** Provided entries follows **
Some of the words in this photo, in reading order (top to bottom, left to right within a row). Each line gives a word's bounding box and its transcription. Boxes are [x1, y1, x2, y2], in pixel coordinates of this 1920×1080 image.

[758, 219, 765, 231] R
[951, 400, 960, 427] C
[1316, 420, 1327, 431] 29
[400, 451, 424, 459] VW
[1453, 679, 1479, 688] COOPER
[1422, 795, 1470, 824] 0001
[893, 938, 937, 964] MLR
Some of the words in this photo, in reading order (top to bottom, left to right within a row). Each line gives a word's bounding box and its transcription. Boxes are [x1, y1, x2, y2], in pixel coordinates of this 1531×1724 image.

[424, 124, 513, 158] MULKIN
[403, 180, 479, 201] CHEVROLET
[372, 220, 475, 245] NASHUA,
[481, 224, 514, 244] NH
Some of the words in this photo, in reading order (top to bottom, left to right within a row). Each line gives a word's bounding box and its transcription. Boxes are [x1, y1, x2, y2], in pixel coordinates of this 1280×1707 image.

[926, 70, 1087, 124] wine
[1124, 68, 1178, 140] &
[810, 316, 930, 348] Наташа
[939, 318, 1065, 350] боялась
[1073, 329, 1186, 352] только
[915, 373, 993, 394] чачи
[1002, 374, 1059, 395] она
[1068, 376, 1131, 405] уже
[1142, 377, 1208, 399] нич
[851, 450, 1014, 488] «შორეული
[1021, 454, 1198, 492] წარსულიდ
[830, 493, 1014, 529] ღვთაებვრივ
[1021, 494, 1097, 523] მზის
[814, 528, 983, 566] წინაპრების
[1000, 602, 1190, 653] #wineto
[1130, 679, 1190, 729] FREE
** End of Provided entries **
- Exercise brief:
The records above must be retyped in full, exactly as written.

- Written response:
Some of the words in this photo, in reading order (top to bottom, left to right within a row). Each line gives a word's bounding box and its transcription. Boxes are [x1, y1, x2, y2], in pixel coordinates of this 1920×1080 image.

[758, 219, 765, 231] R
[951, 400, 960, 427] C
[1316, 420, 1327, 431] 29
[400, 451, 424, 459] VW
[1453, 679, 1479, 688] COOPER
[1422, 795, 1470, 824] 0001
[893, 938, 937, 964] MLR
Some of the words in this photo, in reading order (top to bottom, left to right within a row). Each line gives a word's bounding box and its transcription. Boxes are [x1, y1, x2, y2], in pixel coordinates of this 1531×1724 image.

[424, 124, 513, 158] MULKIN
[403, 180, 479, 201] CHEVROLET
[372, 220, 475, 245] NASHUA,
[481, 224, 514, 244] NH
Some of the words in this photo, in reading order (top to bottom, left to right within a row). Each line gives a word's bounding box and its transcription. Boxes are [x1, y1, x2, y2], in pixel coordinates of this 1280×1707 image.

[926, 70, 1087, 124] wine
[1124, 68, 1178, 140] &
[810, 316, 930, 348] Наташа
[939, 318, 1065, 350] боялась
[1073, 329, 1186, 352] только
[915, 373, 993, 394] чачи
[1002, 374, 1059, 395] она
[1068, 376, 1131, 405] уже
[1142, 377, 1208, 399] нич
[851, 450, 1014, 488] «შორეული
[1021, 454, 1198, 492] წარსულიდ
[830, 493, 1014, 529] ღვთაებვრივ
[1021, 494, 1097, 523] მზის
[814, 528, 983, 566] წინაპრების
[1000, 602, 1190, 653] #wineto
[1130, 679, 1190, 729] FREE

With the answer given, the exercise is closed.